FYI, similar to "battleshort", the term BATTLE OVERRIDE is described [1] on page 45 of G. Gordon Liddy's book _Will_,
and apparently [2] "Battle Override" was to be the original title of Liddy's autobiography, but the publisher wanted a one-word title.  Quotes: 

"On the multidialed wall behind the radar technicians was a prominent switch with a red security cover.  It was marked: BATTLE OVERRIDE", and 

"In the event of a battle emergency, however, the protective warm-up delay could be overridden and full power applied immediately by throwing the 'Battle Override' switch, as everything and everyone became expendable in war."

Tony Patti
CIO

[1] https://books.google.com/books?id=YRty_4HT_8kC&pg=PA45&lpg=PA45&dq=%22battle+override%22+M-33c&source=bl&ots=RYLdUECeHF&sig=hs9i6-W_CVwe5ZcjpxbEGSh9TNE&hl=en&sa=X&ved=0ahUKEwi474vOltjLAhUKcRQKHUHmCW4Q6AEIHjAA#v=onepage&q=%22battle%20override%22%20M-33c&f=false 
[2] http://www.worldwizzy.com/library/G._Gordon_Liddy 

-----Original Message-----
From: NANOG [mailto:nanog-bounces at nanog.org] On Behalf Of Jay R. Ashworth
Sent: Tuesday, March 22, 2016 3:59 PM
To: North American Network Operators' Group
Subject: Top-shelf resilience (Re: Why the US Government has so many data centers)

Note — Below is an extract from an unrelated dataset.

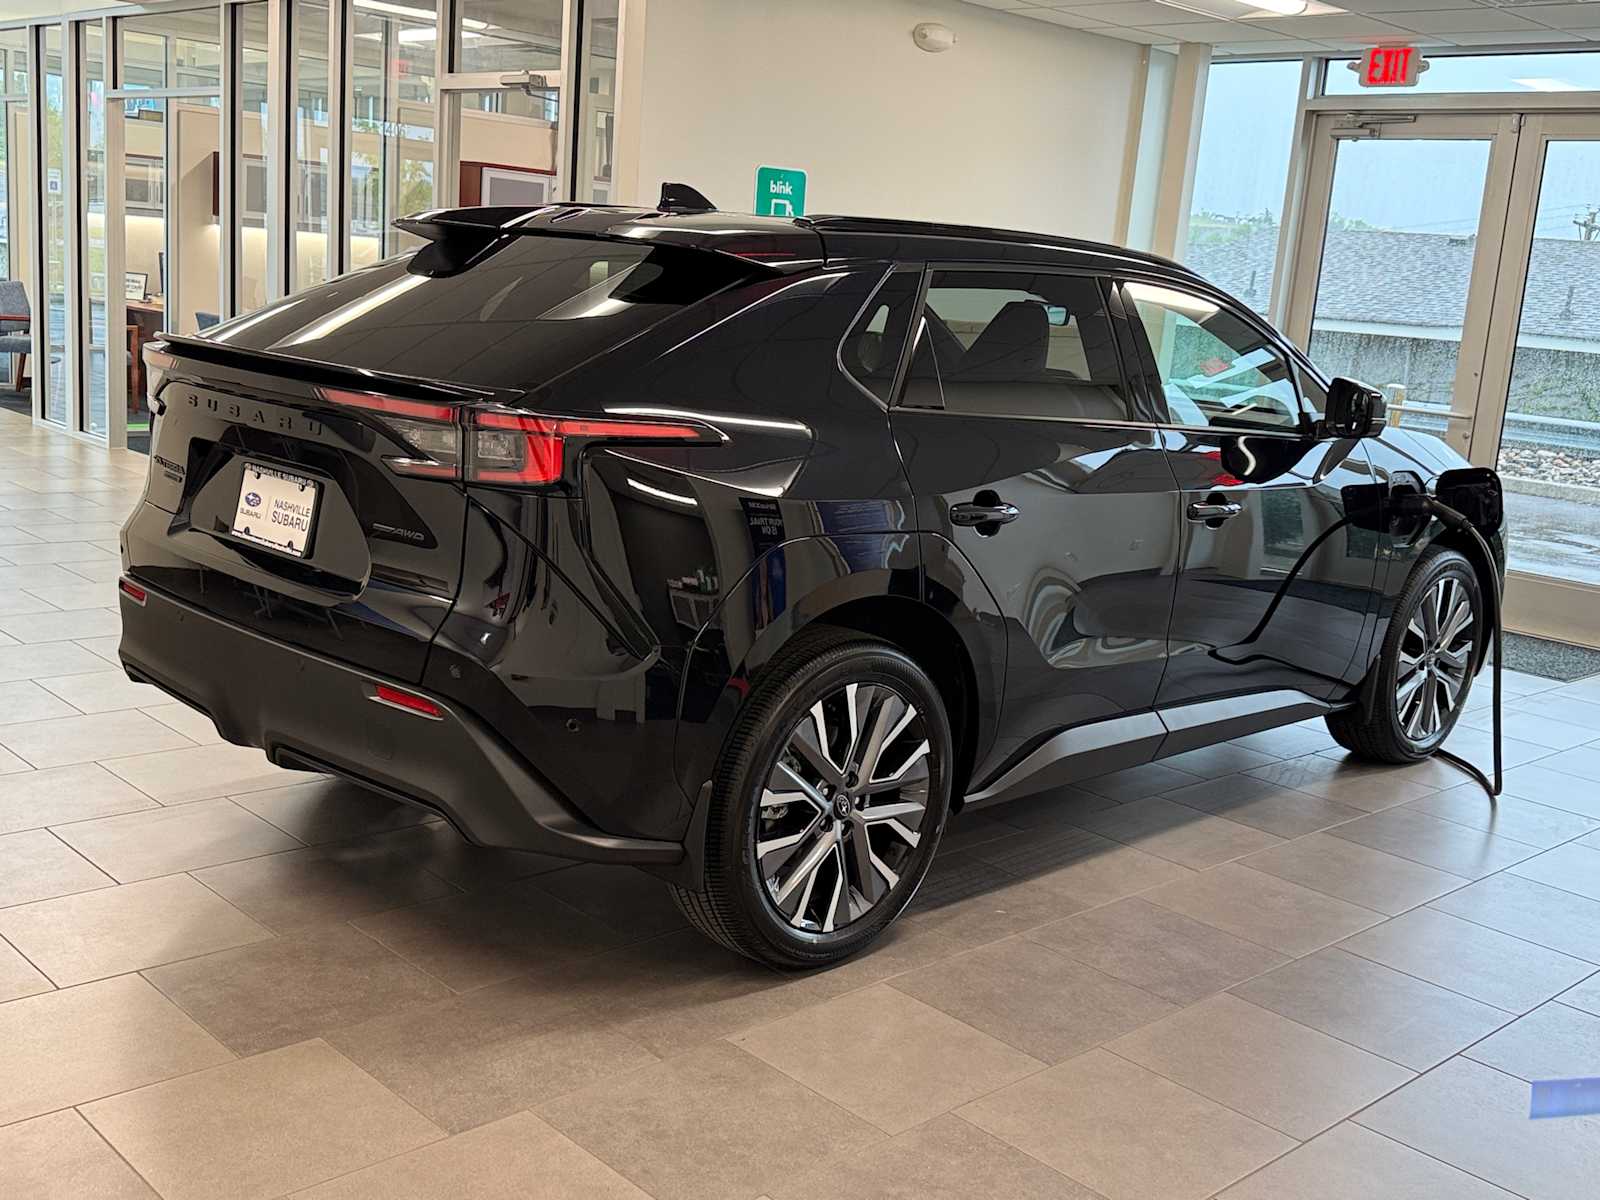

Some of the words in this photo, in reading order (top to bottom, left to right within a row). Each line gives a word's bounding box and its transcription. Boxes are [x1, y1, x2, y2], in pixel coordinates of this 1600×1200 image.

----- Original Message -----
> From: "George Herbert" <george.herbert at gmail.com>

> There are corner cases where distributed resilience is paramount, 
> including a lot of field operations (of all sorts) on ships (and 
> aircraft and spacecraft), or places where the net really is unstable.  
> Any generalizations that wrap those legitimate exceptions in are overreaching their valid descriptive range.

This seems like a good time to mention my favorite example of such a thing.

In the Navy, originally, and it ended up in a few other places, there was invented the concept of a 'battleshort', or 'battleshunt', depending on whom you're talking to.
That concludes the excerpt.